FIGURE 6.

Spatiotemporal coincidence between vascular glucose-regulated protein (GRP78) expression and blood–brain barrier (BBB) leakage, as indicated by extravasation of fluorescein isothiocyanate (FITC)-albumin in the striata lesion by 3-nitropropionic acid injection. (A) Triple-labeling of FITC-albumin, GRP78, and GFAP 3 days after lesion induction, showing that vessels labeled with FITC-albumin are distributed only in the periphery of the lesion core, and not in the peri-lesional area or the lesion epicenter.
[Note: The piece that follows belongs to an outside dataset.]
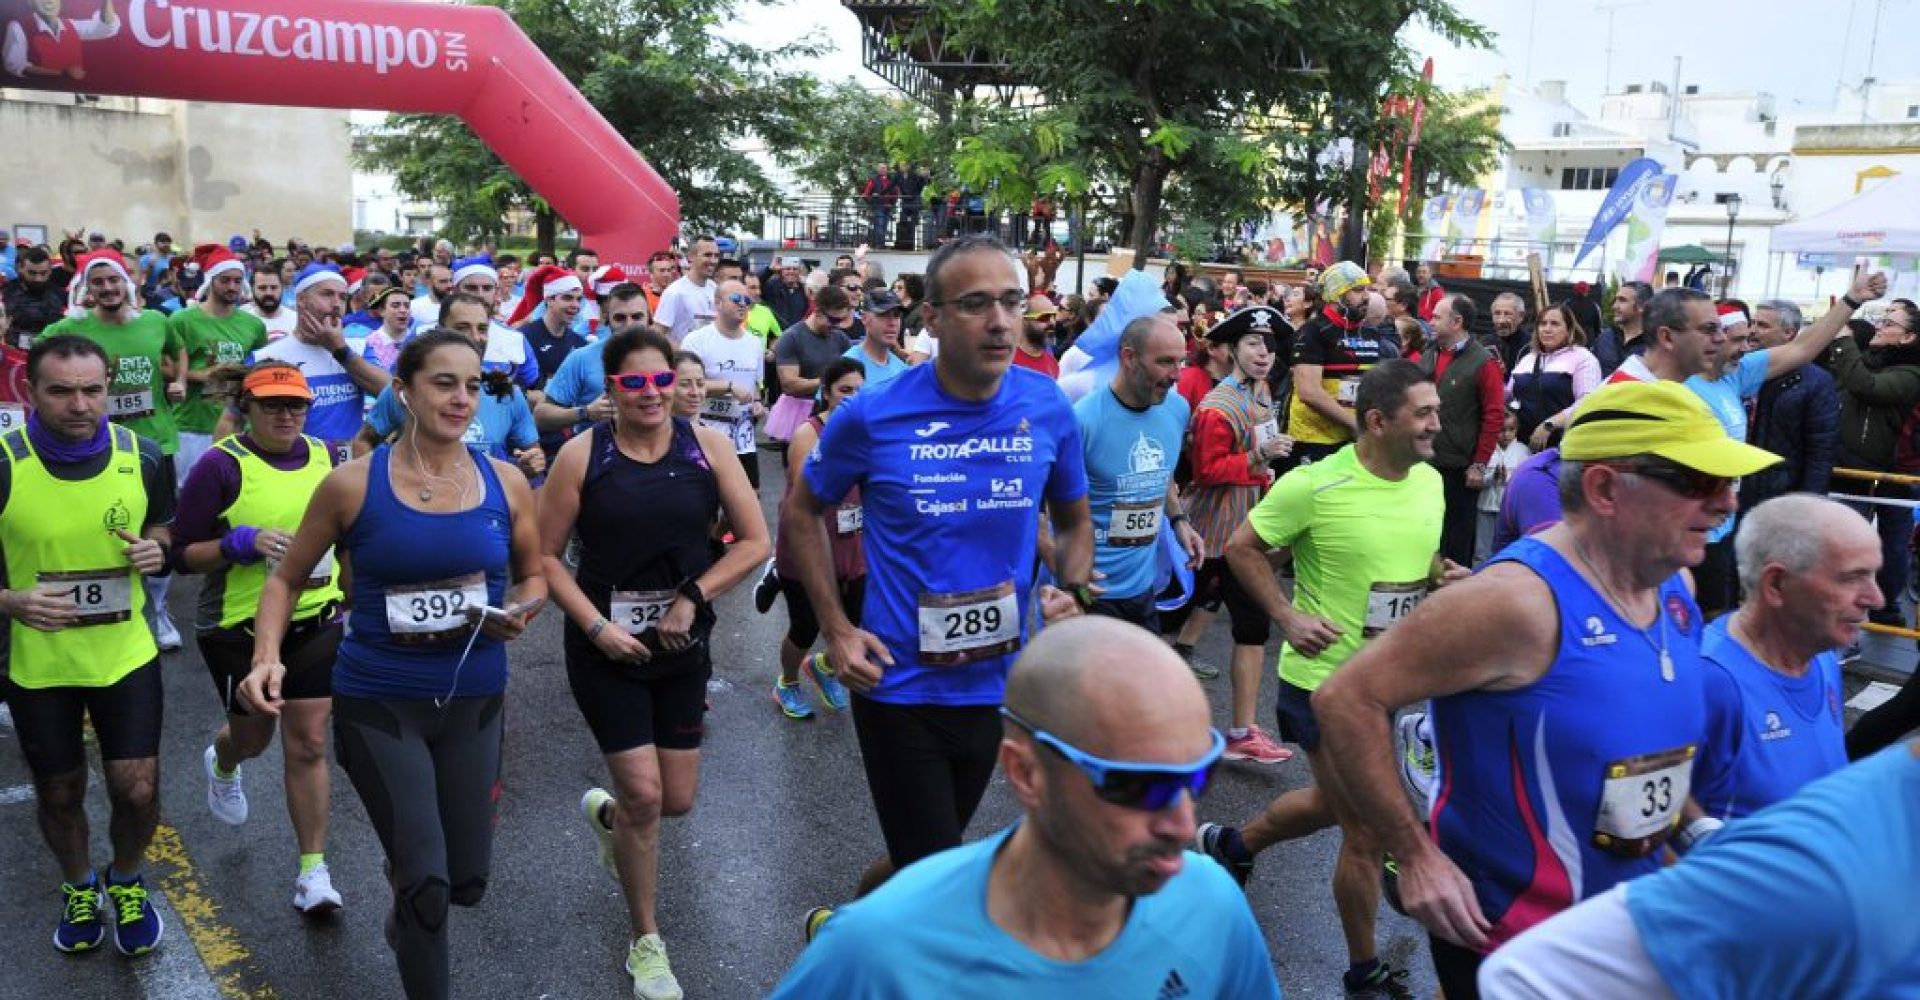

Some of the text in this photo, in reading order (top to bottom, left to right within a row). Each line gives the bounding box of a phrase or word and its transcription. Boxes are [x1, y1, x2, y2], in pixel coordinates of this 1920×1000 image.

The two broken lines indicate the borders of the three areas: the peri-lesional area, lesion periphery, and epicenter. (B) Triple-labeling of FITC-albumin, GRP78, and RECA1 at day 3, showing that both FITC-albumin and GRP78 are detectable in nearly identical vessels (arrowheads) in the lesion periphery. (C) Triple-labeling of FITC-albumin, GRP78, and Iba1 at day 3, showing that in addition to vascular walls, FITC-albumin is detected in amoeboid-like brain macrophages (arrows), but not in activated microglia with evident processes (arrowheads). (D) Triple-labeling of FITC-albumin, GRP78, and Iba1 at 7 days after lesion induction, showing that tracer extravasation is detectable throughout the lesion core (right side of the broken line). Cell nuclei are stained with 4′,6-diamidino-2-phenylindole. Scale bars represent 50 μm for A–D.